> _Assignment_: Print out each record, keeping it identical to the original.

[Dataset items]

>>>>>

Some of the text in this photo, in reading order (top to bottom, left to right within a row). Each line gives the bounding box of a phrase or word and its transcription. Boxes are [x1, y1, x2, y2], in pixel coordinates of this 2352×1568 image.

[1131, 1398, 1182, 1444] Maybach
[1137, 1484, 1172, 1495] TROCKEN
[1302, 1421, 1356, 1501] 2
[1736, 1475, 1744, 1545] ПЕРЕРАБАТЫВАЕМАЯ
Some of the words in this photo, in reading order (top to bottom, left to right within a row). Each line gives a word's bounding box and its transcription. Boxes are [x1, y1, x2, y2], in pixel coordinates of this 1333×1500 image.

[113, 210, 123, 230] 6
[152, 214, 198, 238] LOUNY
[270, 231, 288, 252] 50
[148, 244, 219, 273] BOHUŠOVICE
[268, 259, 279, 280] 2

<<<<<

> _Response for this exercise_:
Some of the text in this photo, in reading order (top to bottom, left to right within a row). Each line gives the bounding box of a phrase or word and its transcription. Boxes are [x1, y1, x2, y2], in pixel coordinates of this 2352×1568 image.

[1131, 1398, 1182, 1444] Maybach
[1137, 1484, 1172, 1495] TROCKEN
[1302, 1421, 1356, 1501] 2
[1736, 1475, 1744, 1545] ПЕРЕРАБАТЫВАЕМАЯ
Some of the words in this photo, in reading order (top to bottom, left to right within a row). Each line gives a word's bounding box and its transcription. Boxes are [x1, y1, x2, y2], in pixel coordinates of this 1333×1500 image.

[113, 210, 123, 230] 6
[152, 214, 198, 238] LOUNY
[270, 231, 288, 252] 50
[148, 244, 219, 273] BOHUŠOVICE
[268, 259, 279, 280] 2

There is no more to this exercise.